I'm tempted to lobby for one of my personal favorites as an alternative. For grammatical simplicity it's hard to beat Thai. Its verbs have no tense or conjugation; the infinitive is the verb and in fact frequently the entire sentence, and if you need more information, add a clarifying word (she, tomorrow, already, for example). Its nouns and adjectives have no gender, number, or case. The simple noun is enough for most uses, and if you need to indicate more specificity, add a number or some other clarifying word(s). The addition of a single word will turn a positive statement into a negative one or a question. I believe many of these virtues are present in other Asian languages.

Sadly, foreigners tend to stumble over the fact that Thai's vowels are pronounced with varying duration and several of its consonants have subtle hard and soft forms, both attributes being tricky for the Western ear. Its words are also pronounced with one of five tones (rising, falling, low, medium, high) that are notoriously difficult for non-tonal-language speakers but essential for meaning, since the same sound with a different tone is a different word.
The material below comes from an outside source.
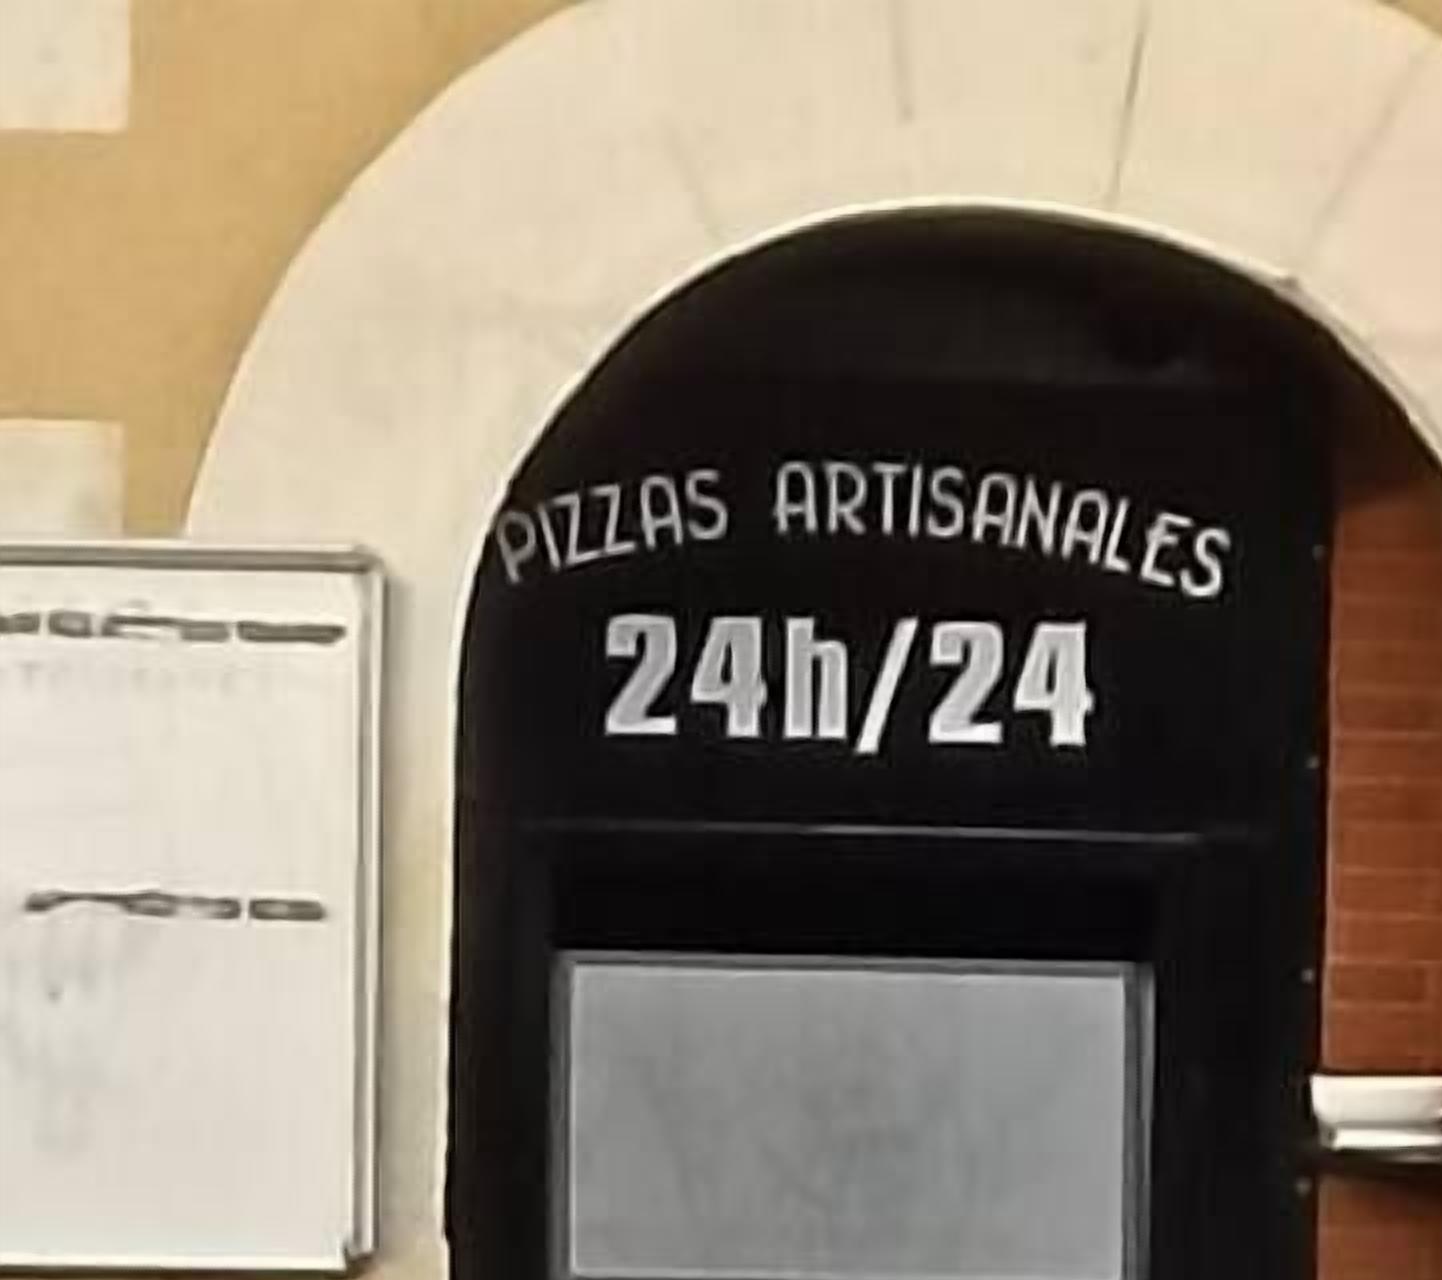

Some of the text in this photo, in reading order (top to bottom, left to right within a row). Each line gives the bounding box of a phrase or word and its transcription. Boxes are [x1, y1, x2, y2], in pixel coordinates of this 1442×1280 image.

[496, 461, 1231, 598] PIZZAS ARTISANALES
[604, 613, 1094, 754] 24h/24
Thus, to cite a classic example, a Thai speaker can ask, "New wood doesn't burn, does it?" by repeating what sounds to non-speakers like the same word (the English possessive adjective "my") five times.

Sigh. Tell me more about Swahili, Philip.

John Stuckey, who retired as Director of University Computing at Washington and Lee University after similar positions at Northeastern and Carnegie-Mellon, has taken an interim position in Egypt as Chief Technology Officer at the American University in Cairo. He is an associate editor of Ubiquity and agreed to write us from time to time.